## Task goal
Write out all of the records below precisely as given, omitting the images.
BEGIN Material for this task
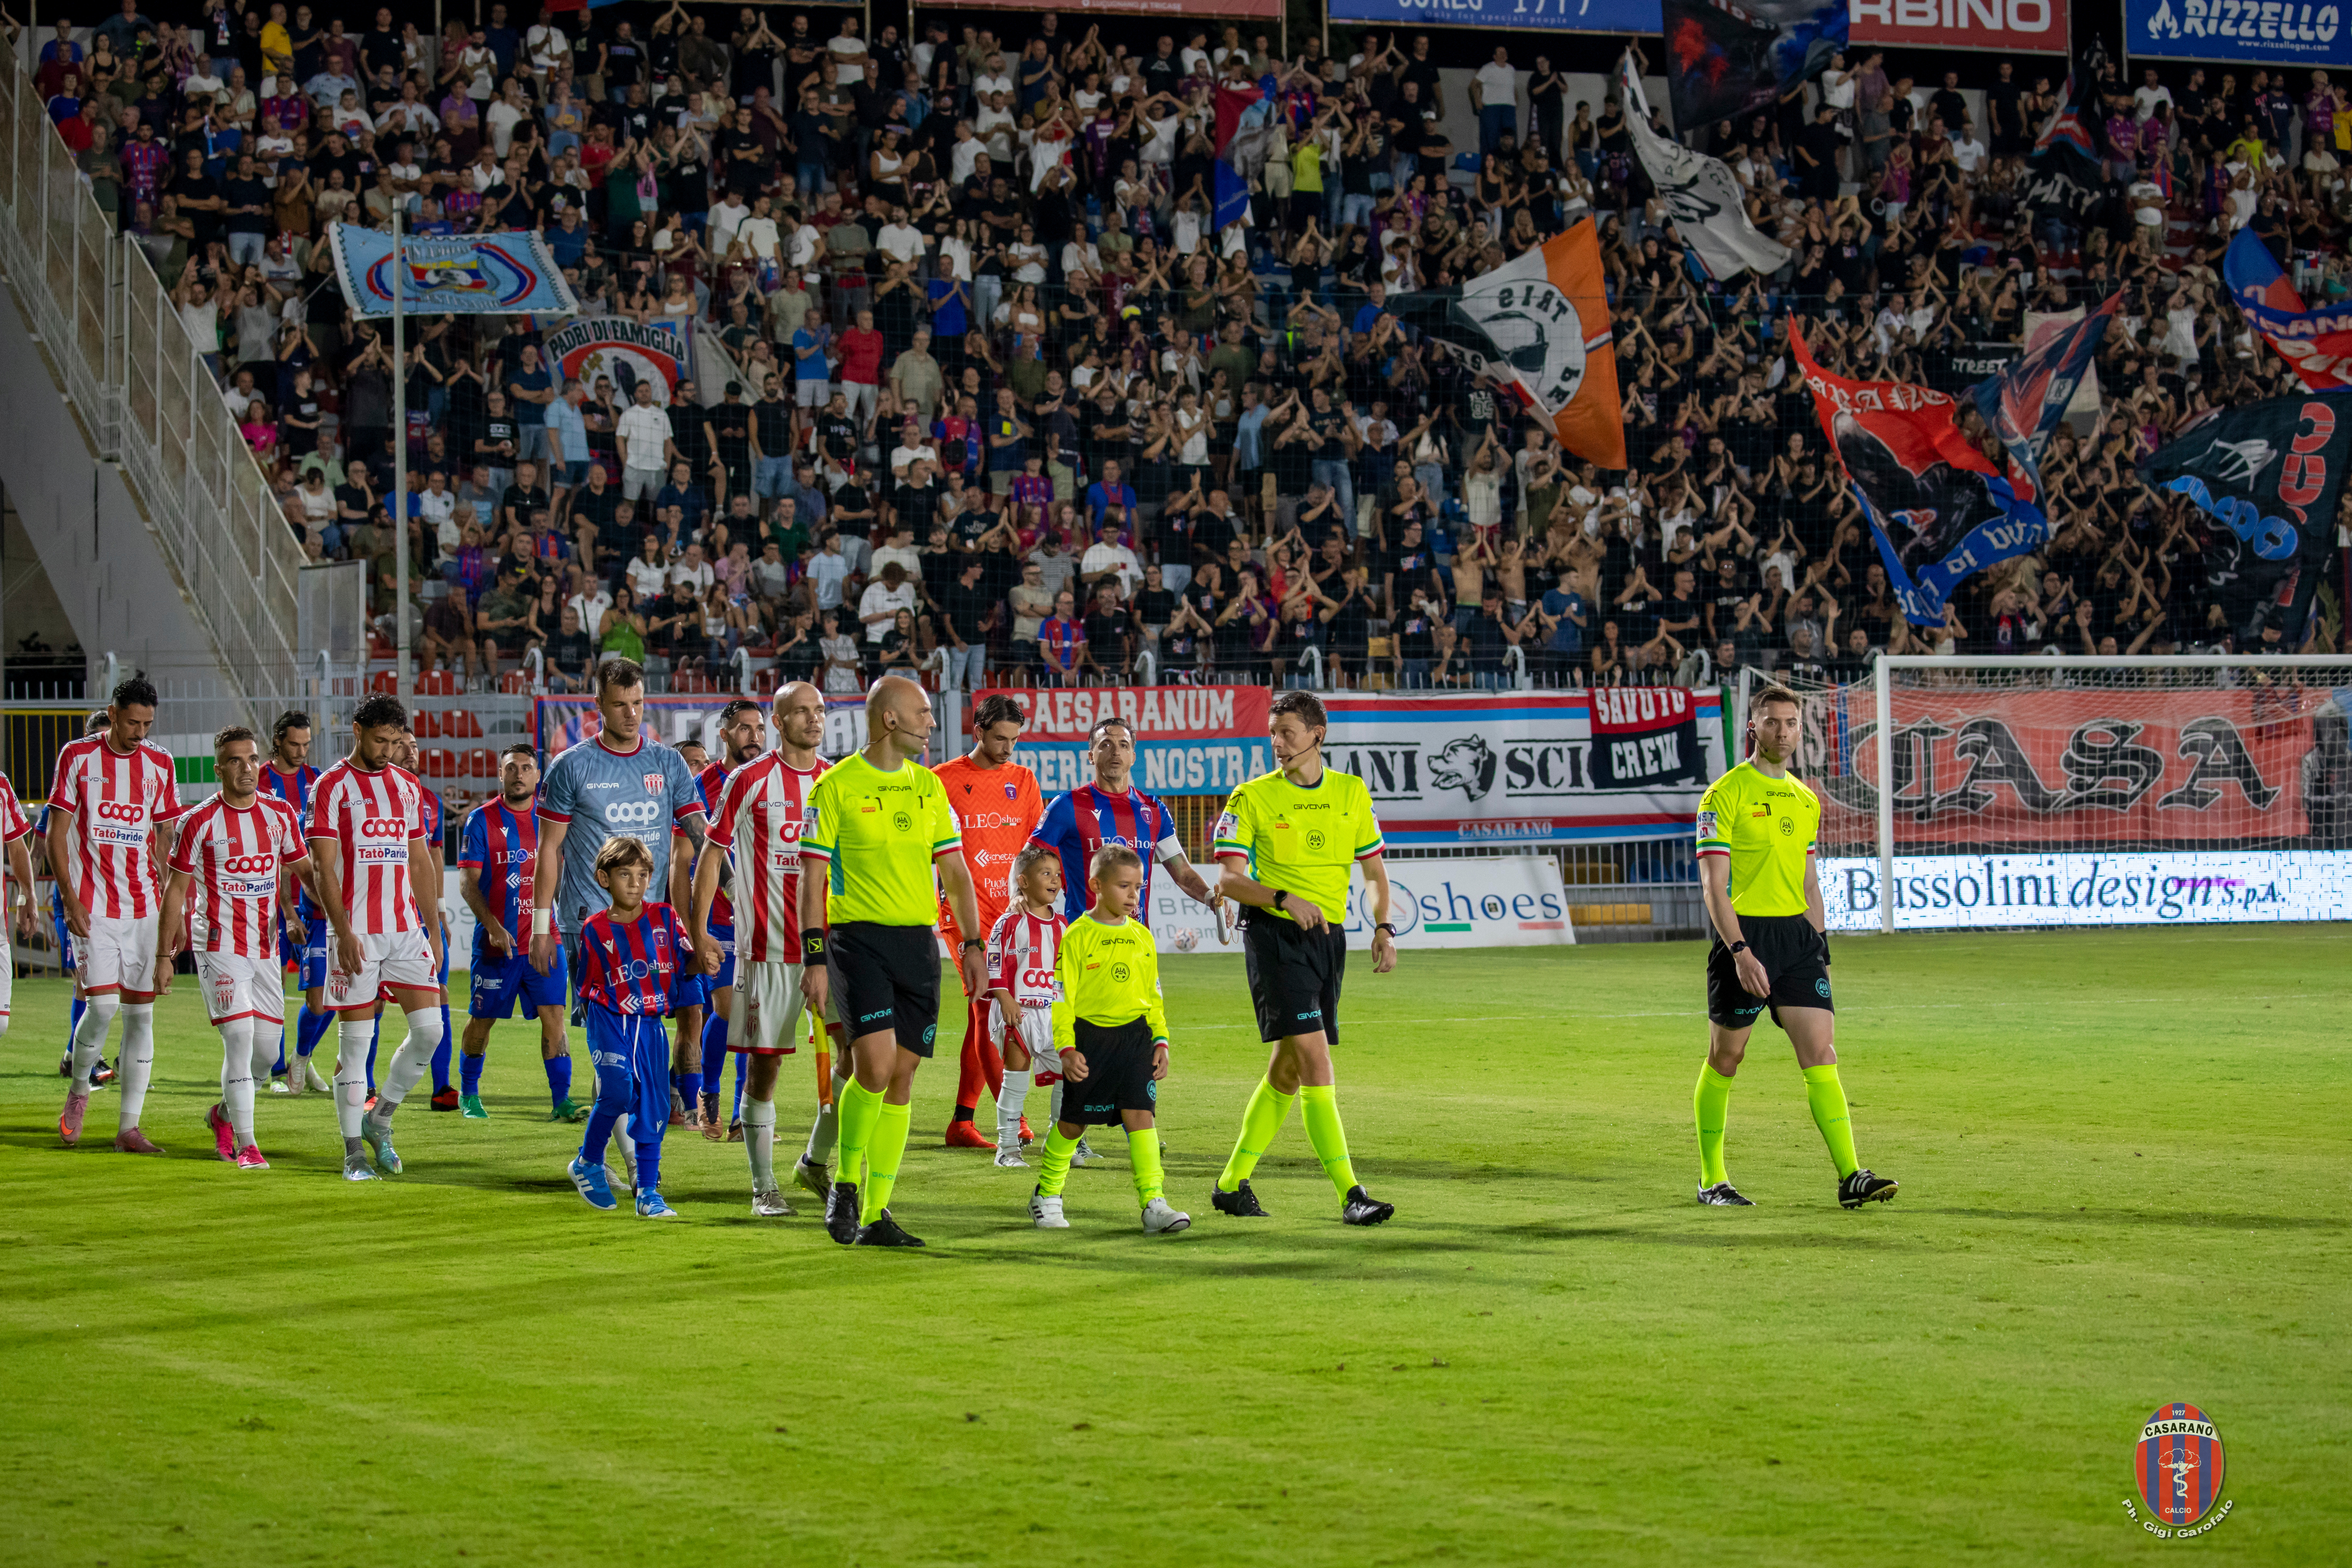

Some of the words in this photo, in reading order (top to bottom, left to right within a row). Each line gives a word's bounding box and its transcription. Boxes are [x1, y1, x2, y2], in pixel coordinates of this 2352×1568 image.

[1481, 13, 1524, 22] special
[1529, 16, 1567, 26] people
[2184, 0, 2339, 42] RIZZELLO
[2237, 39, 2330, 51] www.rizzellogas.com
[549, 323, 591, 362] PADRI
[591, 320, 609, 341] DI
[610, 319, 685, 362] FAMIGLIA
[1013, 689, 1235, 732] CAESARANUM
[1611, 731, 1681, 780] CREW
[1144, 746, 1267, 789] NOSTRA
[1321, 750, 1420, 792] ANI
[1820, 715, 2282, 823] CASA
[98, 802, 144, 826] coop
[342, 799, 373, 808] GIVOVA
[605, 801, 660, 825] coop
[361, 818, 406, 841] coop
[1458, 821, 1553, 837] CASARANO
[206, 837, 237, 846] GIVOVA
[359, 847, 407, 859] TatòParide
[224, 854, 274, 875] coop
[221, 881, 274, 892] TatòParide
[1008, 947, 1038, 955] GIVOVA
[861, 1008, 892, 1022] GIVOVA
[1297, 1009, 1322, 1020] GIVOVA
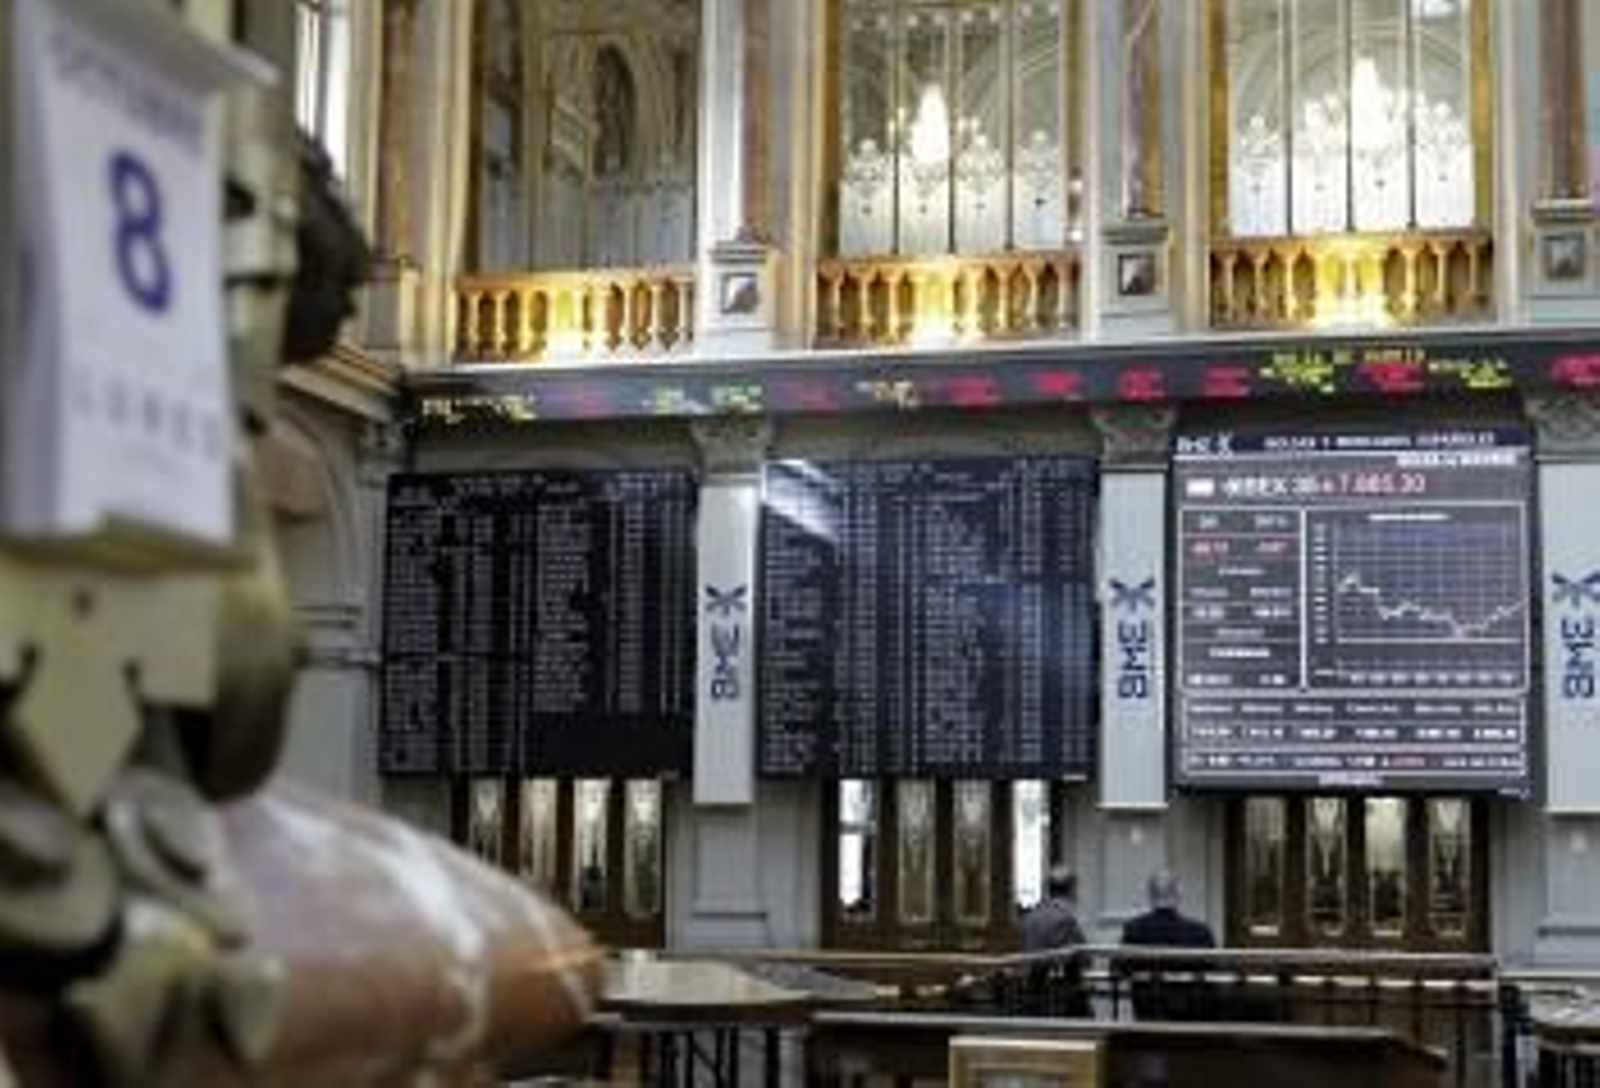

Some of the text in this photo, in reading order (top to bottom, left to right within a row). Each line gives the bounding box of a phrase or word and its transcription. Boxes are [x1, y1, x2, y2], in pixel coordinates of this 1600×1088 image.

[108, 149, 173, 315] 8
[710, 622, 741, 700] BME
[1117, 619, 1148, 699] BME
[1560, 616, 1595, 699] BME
END Material for this task
## Response
Some of the words in this photo, in reading order (top to bottom, left to right within a row). Each line gives a word's bounding box and its transcription. Boxes are [x1, y1, x2, y2], in pixel coordinates of this 2352×1568 image.

[1481, 13, 1524, 22] special
[1529, 16, 1567, 26] people
[2184, 0, 2339, 42] RIZZELLO
[2237, 39, 2330, 51] www.rizzellogas.com
[549, 323, 591, 362] PADRI
[591, 320, 609, 341] DI
[610, 319, 685, 362] FAMIGLIA
[1013, 689, 1235, 732] CAESARANUM
[1611, 731, 1681, 780] CREW
[1144, 746, 1267, 789] NOSTRA
[1321, 750, 1420, 792] ANI
[1820, 715, 2282, 823] CASA
[98, 802, 144, 826] coop
[342, 799, 373, 808] GIVOVA
[605, 801, 660, 825] coop
[361, 818, 406, 841] coop
[1458, 821, 1553, 837] CASARANO
[206, 837, 237, 846] GIVOVA
[359, 847, 407, 859] TatòParide
[224, 854, 274, 875] coop
[221, 881, 274, 892] TatòParide
[1008, 947, 1038, 955] GIVOVA
[861, 1008, 892, 1022] GIVOVA
[1297, 1009, 1322, 1020] GIVOVA

Some of the text in this photo, in reading order (top to bottom, left to right within a row). Each line gives the bounding box of a phrase or word and its transcription. Boxes are [x1, y1, x2, y2], in pixel coordinates of this 1600×1088 image.

[108, 149, 173, 315] 8
[710, 622, 741, 700] BME
[1117, 619, 1148, 699] BME
[1560, 616, 1595, 699] BME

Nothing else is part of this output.